Bone finished the first of the two sodas then went back to his shadowed vantage point. Over the course of the next three quarters of an hour he spotted five men. One was black and carried a broom and pail. The other four wore dark suits and heavy shoes. Three of them were of average height with dark curly hair and Mediterranean features that were alike enough to suggest they were brothers or possibly close cousins. Sicilian, perhaps, Italian certainly, which meant that they were probably members of Sam Carolla’s New Orleans-based criminal organisation.
The fourth man had appeared carrying a hunting rifle and Bone assumed he had been the lookout in the cupola. He was taller than the other three, broad-chested and blond with pale, sunburned skin. He handed over the weapon to one of the Italians and lit a cigarette. Changing shifts, perhaps, arguing over whose turn it was to climb up onto the roof. It was just past noon now and the interior of the box-like cupola would be swelteringly hot.
Bone stayed in position and waited. Another hour passed with nothing of note occurring beyond the occasional sound of an aeroplane landing at the nearby airfield and, once, the distant shriek of a train whistle. Then, just after one o’clock, two cars, both Packards, both black and dusty, came down the lane between the oaks and parked in front of the house. Four more dark-suited men appeared out of the first car, their clothing and looks apparently cut from the same cloth as the other three Bone had already seen.
Three men climbed out of the second car and went up onto the front veranda of the house. These three, older, better dressed in lighter-coloured suits, ignored the younger men around them. One of them, in his late fifties or maybe even older, with the blowsy open face of a heavy drinker and thinning dark hair, was recognisable to Bone almost at once. He’d seen him from time to time in the casino of the Hotel Nacional in Havana and occasionally in the newspapers. This was Sam Carolla, boss of the New Orleans Mob, and by the looks of it he was taking the other two men on a tour of La Flora.
The heavier and shorter of the two men Carolla was guiding was clearly uncomfortable in the heat and mopped his forehead every few seconds with a large white handkerchief. The other man didn’t seem to be bothered at all. He was much taller than his companion, very tall, with large ears, a long nose and exceptionally fair skin that he protected with a white Stetson. After a few moments on the veranda Carolla and his guests disappeared inside the house.
Bone had seen enough. He eased back for a second time, then went to the pool and retrieved the full bottle of soda pop from its hiding place and put it and the already empty bottle and the crimped metal cap back into the paper bag. He slid the binoculars back into their case and walked back to the car, careful to keep the ridge at his back, blocking any potential view from the lookout in the cupola.
Returning to the motor car Bone lowered the hood, climbed in behind the wheel and opened the second bottle of Pepsi, holding it between his knees as he drove back down the country road, sipping the cold beverage as he put his thoughts in order. The reason for using La Flora was logical and clear. The property was away from prying eyes, relatively easy to secure and close to the old airport so that anyone flying in for the meeting could do so with anonymity but the very need for that anonymity was distressing since it meant that the men attending the meeting were well enough known to require such a high level of discretion.
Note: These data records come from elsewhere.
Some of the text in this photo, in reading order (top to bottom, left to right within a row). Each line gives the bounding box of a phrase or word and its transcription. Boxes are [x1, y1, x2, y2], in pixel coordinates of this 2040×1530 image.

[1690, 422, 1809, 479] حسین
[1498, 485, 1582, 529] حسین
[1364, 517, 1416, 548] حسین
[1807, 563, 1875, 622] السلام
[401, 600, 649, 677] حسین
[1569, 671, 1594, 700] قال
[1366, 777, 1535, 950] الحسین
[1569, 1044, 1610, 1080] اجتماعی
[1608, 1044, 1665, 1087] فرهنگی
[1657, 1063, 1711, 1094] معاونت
Carolla’s presence was equally worrisome. Contrary to the lurid stories the yellow press reported, there was no code of silence within the Mob, in New Orleans or anywhere else. Given the right circumstances and incentives any one of them could be made to tell all that they knew. Conspiracies were dangerous, political ones even more so, and by all appearances this one was spreading out of control. As Bone drove back towards Algiers and the city he noticed a heavy line of deep grey clouds massing like a huge, dark curtain in the south. Before long it was going to rain and rain hard.
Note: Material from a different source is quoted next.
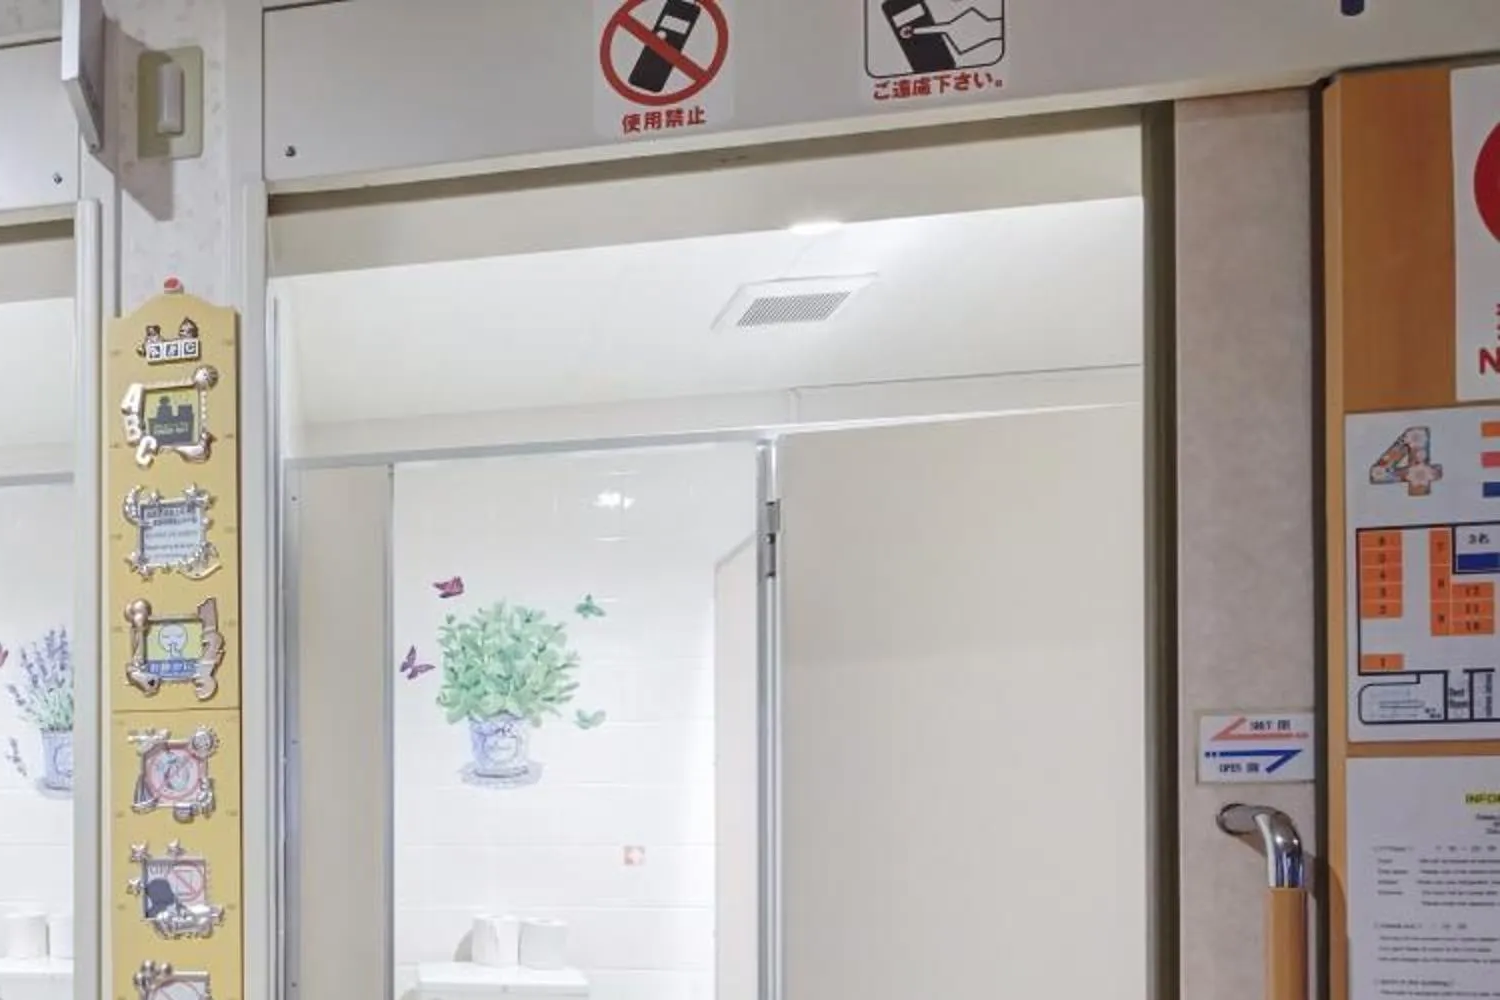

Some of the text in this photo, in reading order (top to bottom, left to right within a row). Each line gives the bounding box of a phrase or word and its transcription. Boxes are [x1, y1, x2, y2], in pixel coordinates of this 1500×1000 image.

[873, 72, 1003, 100] ご遠慮下さい。
[621, 105, 706, 135] 使用禁止
[1369, 426, 1443, 496] 4
Bone was back in New Orleans just after three o’clock. He parked the car in the lot next to the hotel, returned to his room briefly to drop off the binoculars and the brown paper bag, then walked the few short blocks down to the main branch of the public library on Lee Circle. The large building, designed in what Bone liked to call the Roman Temple tradition, had a more than adequate supply of newspapers and periodicals in the main reading room as well as a superior clipping file. Within an hour, diary and pencil in hand, Bone had names for most of the people he had seen that afternoon.
He had been right in his immediate identification of Sam Carolla and the three similar-looking young men of Italian origin were Carlos, Peter and Michael Marcello, all of them associated with various enterprises of Carolla’s. The tall blond man with the rifle was one James Moran, also an employee of Carolla and previously a bodyguard of the assassinated former governor of Louisiana, the infamous Huey Long, the ‘Kingfish.’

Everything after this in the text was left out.